__PROBLEM TO SOLVE__:
Print the records below exactly as they appear. Omit all pictures.

__RECORDS SUPPLIED__:
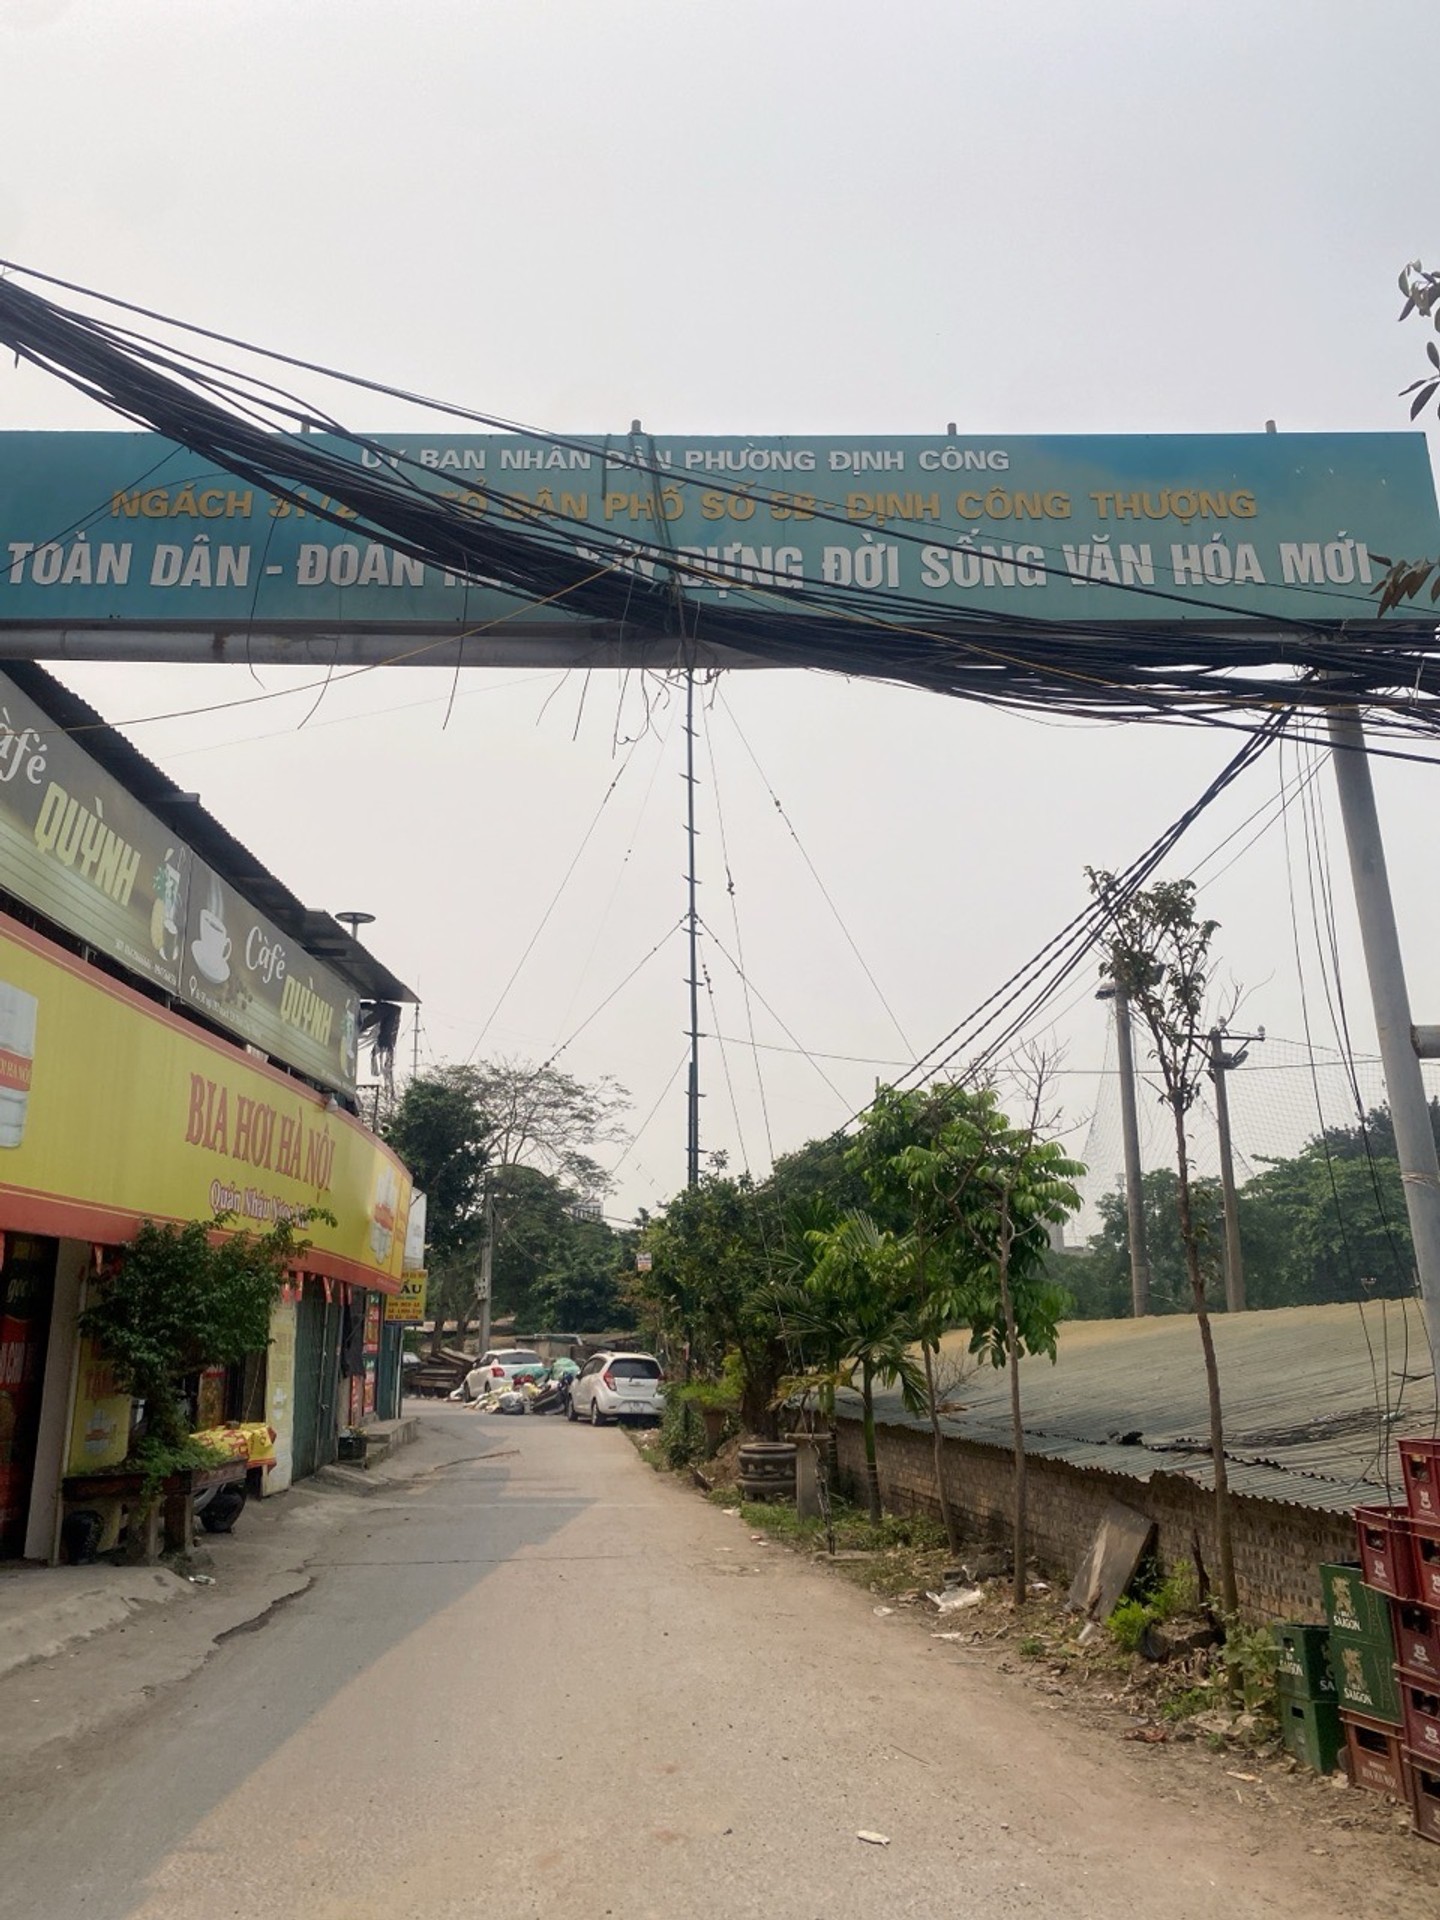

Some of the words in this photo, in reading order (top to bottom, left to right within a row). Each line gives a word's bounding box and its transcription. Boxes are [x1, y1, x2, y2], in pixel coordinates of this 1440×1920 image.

[420, 449, 487, 470] BAN
[501, 446, 592, 470] NHÂN
[605, 446, 672, 470] DÂN
[685, 443, 816, 471] PHƯỜNG
[828, 449, 905, 475] ĐỊNH
[918, 446, 1010, 471] CÔNG
[111, 484, 254, 519] NGÁCH
[502, 489, 588, 520] DÂN
[604, 482, 685, 521] PHỐ
[701, 481, 757, 522] SỐ
[847, 490, 941, 527] ĐỊNH
[956, 488, 1071, 520] CÔNG
[1091, 488, 1258, 525] THƯỢNG
[7, 530, 133, 586] TOÀN
[150, 534, 250, 588] DÂN
[676, 542, 804, 600] DỰNG
[822, 533, 900, 588] ĐỜI
[920, 529, 1047, 589] SỐNG
[1062, 534, 1155, 586] VĂN
[1171, 532, 1266, 586] HÓA
[1279, 530, 1373, 585] MỚI
[34, 781, 141, 907] QUỲNH
[280, 975, 334, 1047] QUỲNH
[185, 1072, 228, 1156] BIA
[232, 1093, 277, 1171] HƠI
[275, 1105, 303, 1180] HÀ
[304, 1125, 336, 1204] NỘI
[1333, 1614, 1362, 1631] SAIGON
[1343, 1687, 1373, 1705] SAIGON

__OUTPUT OF THE EXERCISE__:
Some of the words in this photo, in reading order (top to bottom, left to right within a row). Each line gives a word's bounding box and its transcription. Boxes are [x1, y1, x2, y2], in pixel coordinates of this 1440×1920 image.

[420, 449, 487, 470] BAN
[501, 446, 592, 470] NHÂN
[605, 446, 672, 470] DÂN
[685, 443, 816, 471] PHƯỜNG
[828, 449, 905, 475] ĐỊNH
[918, 446, 1010, 471] CÔNG
[111, 484, 254, 519] NGÁCH
[502, 489, 588, 520] DÂN
[604, 482, 685, 521] PHỐ
[701, 481, 757, 522] SỐ
[847, 490, 941, 527] ĐỊNH
[956, 488, 1071, 520] CÔNG
[1091, 488, 1258, 525] THƯỢNG
[7, 530, 133, 586] TOÀN
[150, 534, 250, 588] DÂN
[676, 542, 804, 600] DỰNG
[822, 533, 900, 588] ĐỜI
[920, 529, 1047, 589] SỐNG
[1062, 534, 1155, 586] VĂN
[1171, 532, 1266, 586] HÓA
[1279, 530, 1373, 585] MỚI
[34, 781, 141, 907] QUỲNH
[280, 975, 334, 1047] QUỲNH
[185, 1072, 228, 1156] BIA
[232, 1093, 277, 1171] HƠI
[275, 1105, 303, 1180] HÀ
[304, 1125, 336, 1204] NỘI
[1333, 1614, 1362, 1631] SAIGON
[1343, 1687, 1373, 1705] SAIGON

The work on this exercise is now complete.